How to set QoS on DG 8 pods in OCP 4
Environment
- Red hat OpenShift Container Platform (OCP)
- 4.x
- Red Hat Data Grid (RHDG)
- 8.x
Issue
- How to set QoS on DG 8 pods in OCP 4?
- Given the operator cannot edit the deployment (container) on the DG 8 pod, how to set Quality of Service for its pods?
Resolution
There are three levels of QoS for pods: Guaranteed, Burstable , BestEffort.
QoS levels are a consequence of the memory/cpu settings set up on the custom resource - and are not set manually.
Therefore, on DG 8 Operator one can set the memory and cpu on the custom spec, which kubelet will use to spawn the pods and deduce its Quality of Service.
In other words, the QoS level will be calculated from there (spec.container.cpu and spec.container.memory) on the custom resource.

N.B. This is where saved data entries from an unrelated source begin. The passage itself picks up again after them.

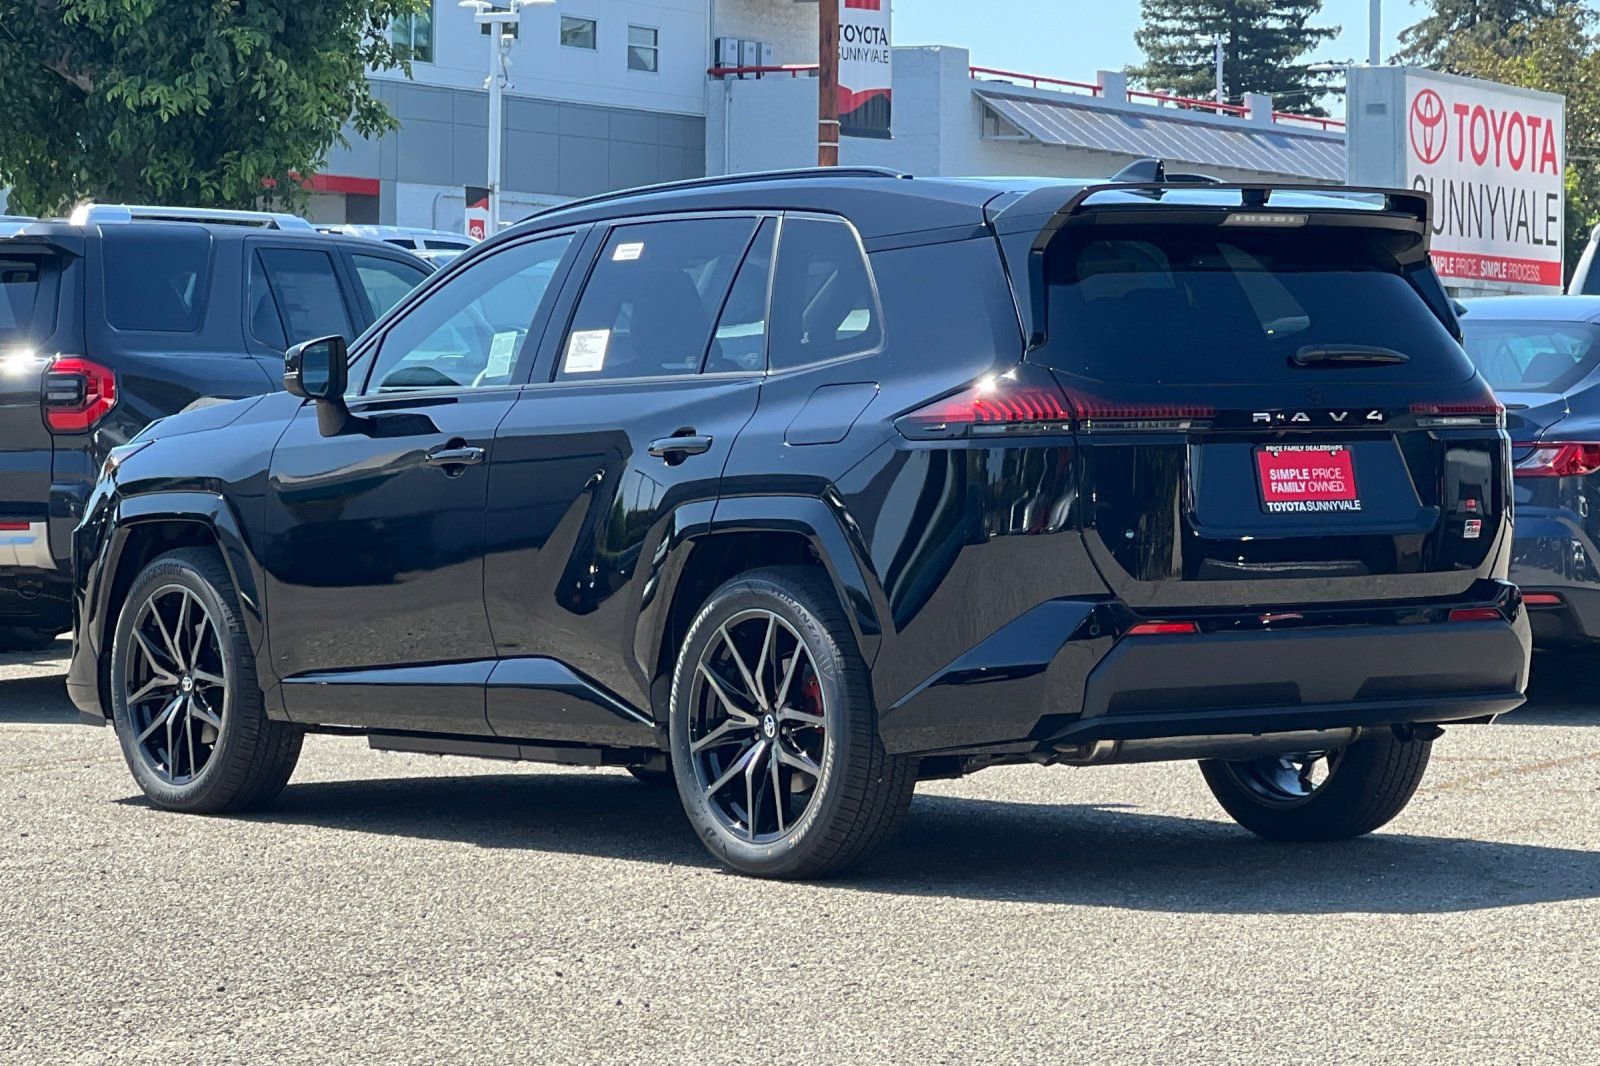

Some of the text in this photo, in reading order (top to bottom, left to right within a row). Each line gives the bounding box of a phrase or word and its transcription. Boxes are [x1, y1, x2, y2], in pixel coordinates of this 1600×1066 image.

[1453, 103, 1558, 176] TOYOTA
[1431, 255, 1454, 274] MPLE
[1480, 259, 1507, 279] SIMPLE
[1305, 444, 1343, 452] DEALERSHIPS
[1269, 467, 1345, 480] SIMPLE PRICE.
[1270, 480, 1347, 493] FAMILY OWNED.

See how to set it up here.
| QoS | definition | example |
|---|---|---|
Guaranteed | Set cpu and memory to the same level | spec. container: cpu: 2 memory: 2Gi |
Burstable | Set cpu and memory request different than limit | spec. container cpu: 2:1 memory: 2Gi:1Gi |
BestEFfort | Containers with no resource limits or requests set. | Example: N/A in DG pods. |
Again, to reinforce the definition:
Guaranteed: Both limits and requests are set and have the same valueBurstable: Both limits and requests set, but at different valuesBestEFfort: Containers with no resource limits or requests set.
Example - Setting as Guaranteed
One can set and then grep what is set from the pod the QoS provided by the pod creation via the custom resource (if both: limit and requests are the same) it should go as Guaranteed.
Given this:
spec:
container:
cpu: '2'
memory: 3Gi
And it will get this:
$ oc get pod $pod-name -o json | grep qosClass
"qosClass": "Guaranteed"
Example - Setting as Burstable
One can set and then grep what is set from the pod the QoS provided by the pod creation via the custom resource (if both: limit and requests are the same) it should go as Guaranteed.
Given this:
spec:
container:
cpu: '2:1'
memory: 3Gi:2Gi
And it will get this:
$ oc get pod $podname -o json | grep qosClass
"qosClass": "Burstable",
Different pods on the cluster have different QoS levels
As one can see the pod cluster pod has Guaranteed, whereas the other pods have BestEffort, what is the explanation for this change (some pods with guaranteed and others with best effort, but not Burstable)?
That's because on the custom resource setting above setting has the cpu/memory request/limits to be the same and therefore fulfilling the conditions for it to be QoS Guaranteed:
For every Container in the Pod, the CPU limit must equal the CPU request. - this is explained Content from kubernetes.io is not included.kubernetes docs
Whereas the other pods (config listener, controller, and gossip router) are not set, therefore they enter as BestEffort. For the gossip router pod and config listener it cannot be set.
So the Operator is already doing that for the user, given the correct setting on the custom resource - by given the proper spec.container resources setting.
FAQ
Q1. What are the levels of QoS
A1. Guaranteed, Burstable , BestEffort. Although the name sames Guaranteed, given right conditions the pod can be killed.
Q2. How to set the QoS on the DG 8 pod?
A2. Same as pods, one sets resource memory and cpu. For the Dg 8 operator, this is one via spec.container.memory and spec.container.cpu. If the requests and limits are the same, the pod's QoS will be Guaranteed.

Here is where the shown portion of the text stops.